WHAT THIS TASK INVOLVES: Could you please retype all of the records exactly, skipping any pictures?
GIVEN ENTRIES below:
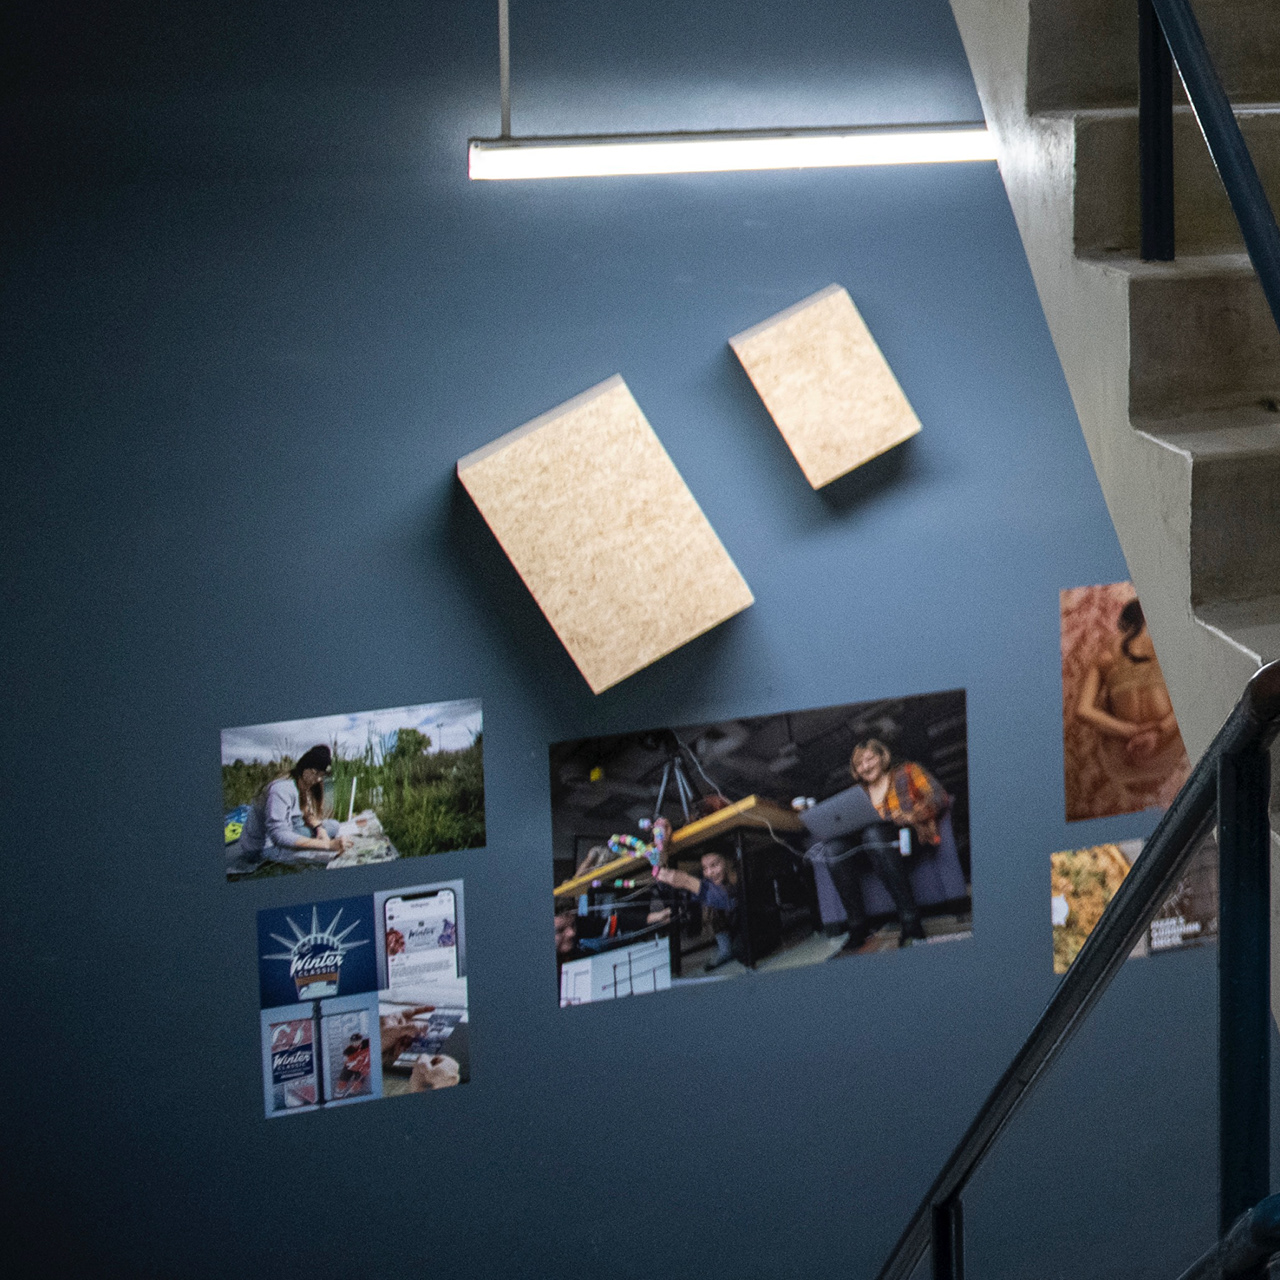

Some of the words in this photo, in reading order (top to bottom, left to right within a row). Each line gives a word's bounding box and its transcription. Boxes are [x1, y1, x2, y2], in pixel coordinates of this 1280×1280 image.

[290, 951, 346, 978] Winter
[298, 966, 336, 977] CLASSIC
[273, 1050, 312, 1070] Winter
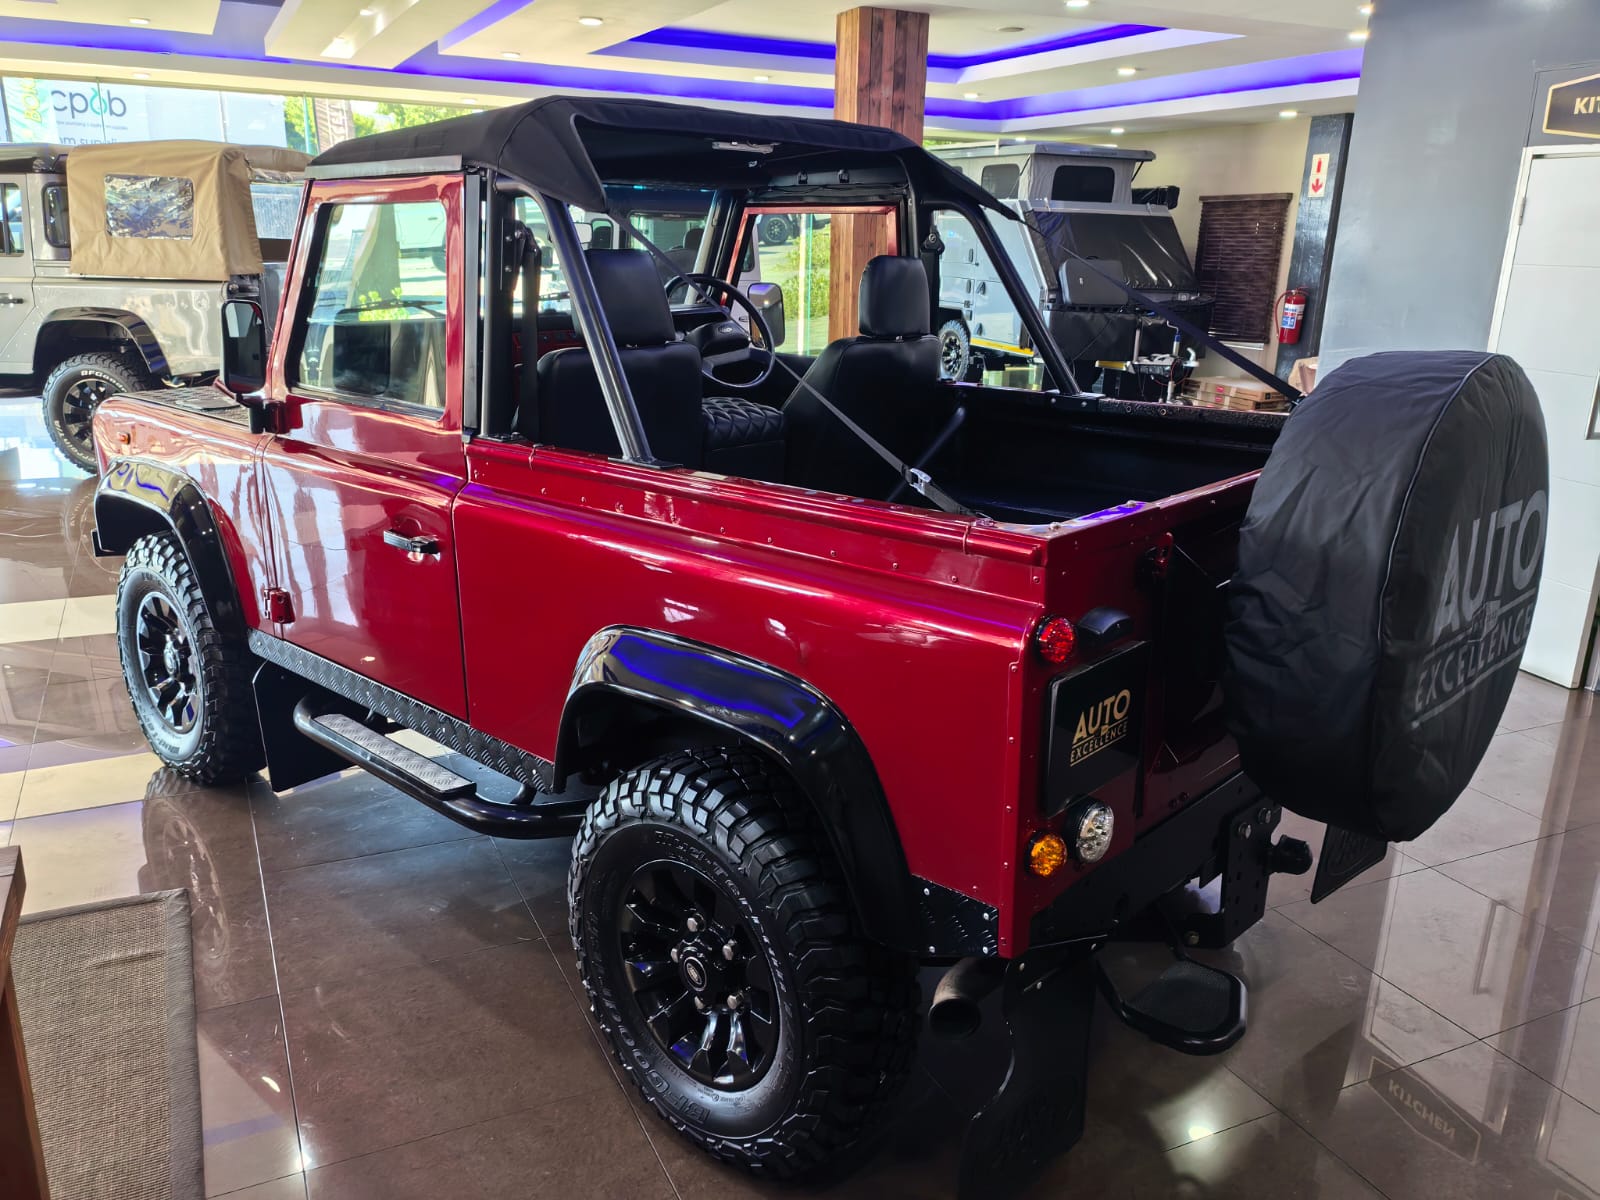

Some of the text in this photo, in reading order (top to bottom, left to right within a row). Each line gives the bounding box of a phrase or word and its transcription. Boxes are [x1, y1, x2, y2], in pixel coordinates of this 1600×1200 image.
End of GIVEN ENTRIES.
WRITTEN ANSWER:
Some of the words in this photo, in reading order (top to bottom, left to right within a row). Each line gives a word's bounding box and its transcription. Boxes are [x1, y1, x2, y2], in pixel coordinates of this 1280×1280 image.

[290, 951, 346, 978] Winter
[298, 966, 336, 977] CLASSIC
[273, 1050, 312, 1070] Winter

Some of the text in this photo, in reading order (top to bottom, left to right within a row). Each line gives the bounding box of a phrase or word and its transcription. Boxes are [x1, y1, x2, y2], in pixel coordinates of this 1600×1200 image.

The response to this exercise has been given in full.